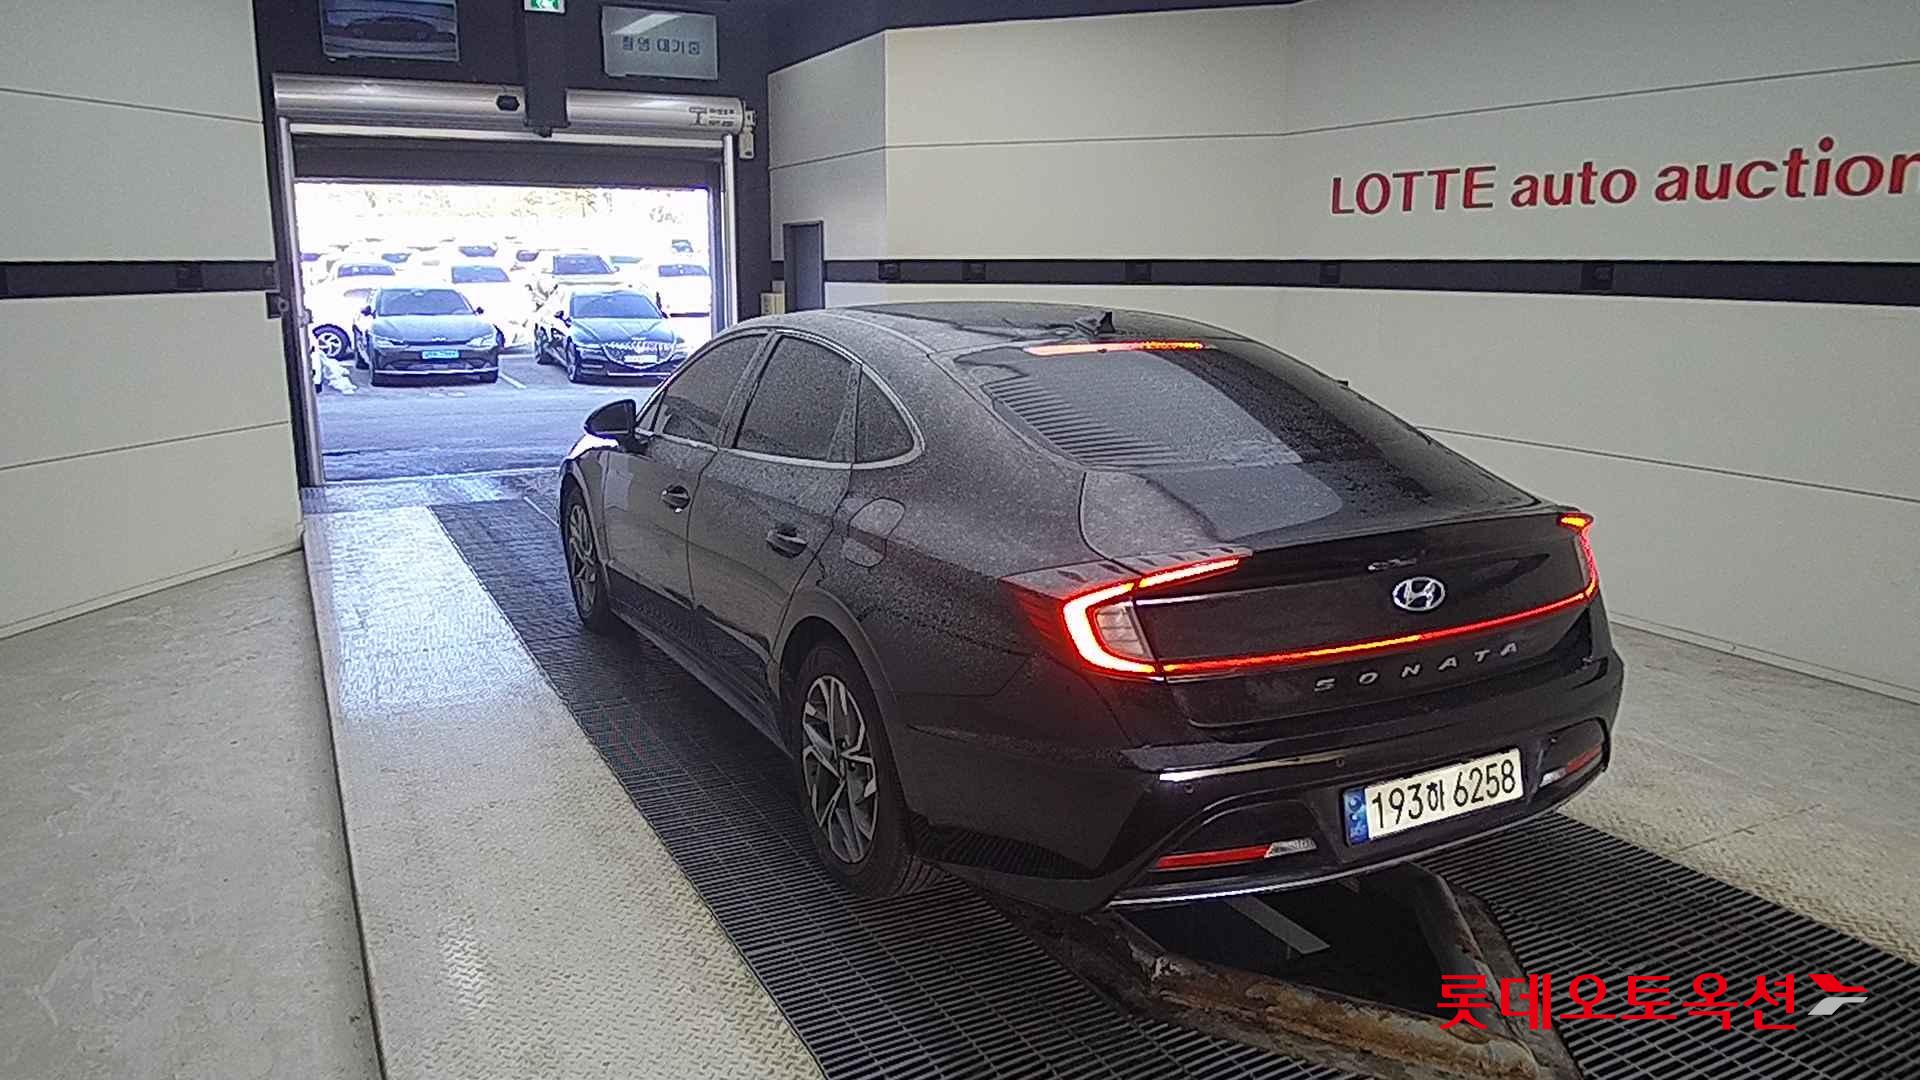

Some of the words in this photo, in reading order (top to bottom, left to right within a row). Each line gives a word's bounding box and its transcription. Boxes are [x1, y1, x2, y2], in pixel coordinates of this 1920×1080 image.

[1330, 165, 1497, 215] LOTTE
[1510, 161, 1637, 208] auto
[1313, 642, 1518, 692] SONATA
[1372, 780, 1445, 829] 193하
[1453, 758, 1516, 808] 6258
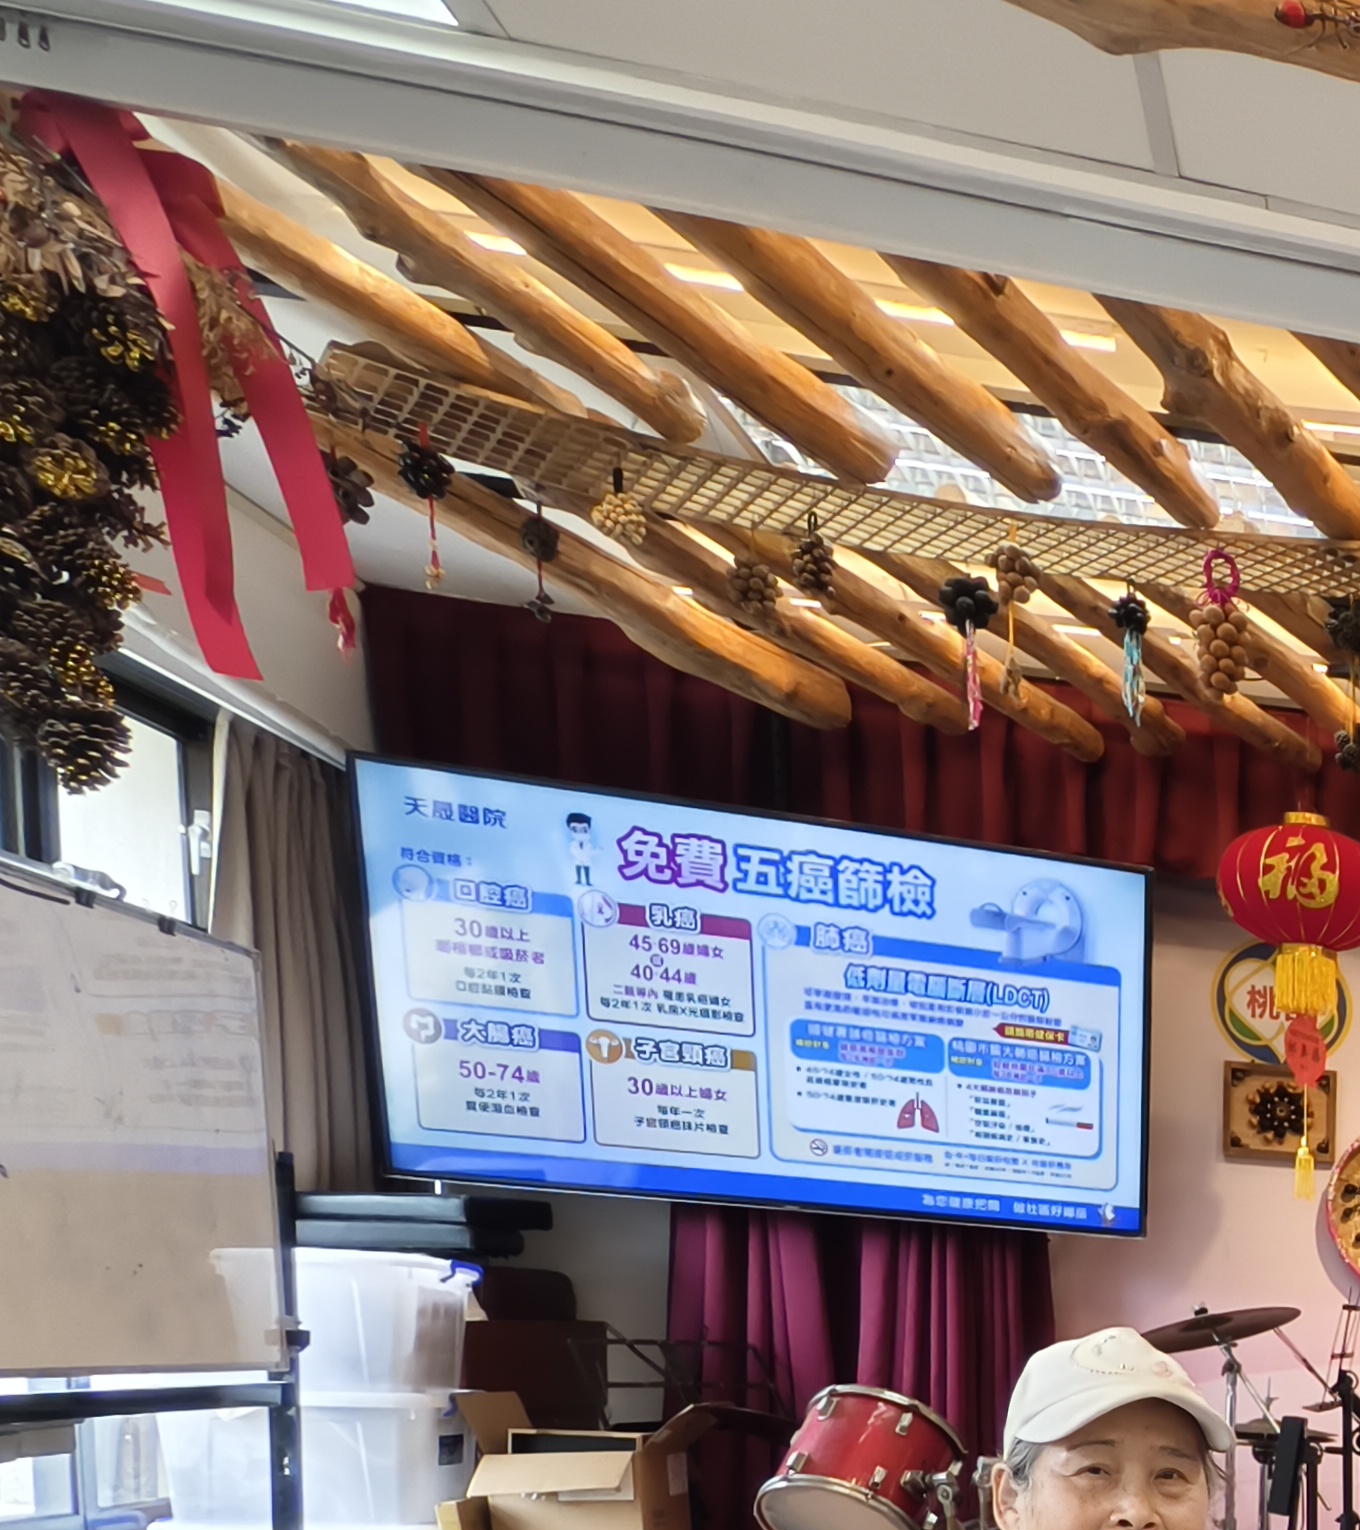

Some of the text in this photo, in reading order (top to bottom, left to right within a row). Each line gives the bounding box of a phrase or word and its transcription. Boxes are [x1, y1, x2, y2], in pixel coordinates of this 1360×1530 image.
------------------------------------------------------------
◆ TASK OBJECTIVE
Please copy the data above exactly, omitting the pictures.

◆ COMPLETED EXERCISE
Some of the words in this photo, in reading order (top to bottom, left to right within a row). Each line gives a word's bounding box and its transcription. Boxes are [x1, y1, x2, y2], in pixel coordinates of this 1920×1080 image.

[1330, 165, 1497, 215] LOTTE
[1510, 161, 1637, 208] auto
[1313, 642, 1518, 692] SONATA
[1372, 780, 1445, 829] 193하
[1453, 758, 1516, 808] 6258

Some of the text in this photo, in reading order (top to bottom, left to right within a row). Each line gives the bounding box of a phrase or word and its transcription. Boxes are [x1, y1, x2, y2], in pixel coordinates of this 1360×1530 image.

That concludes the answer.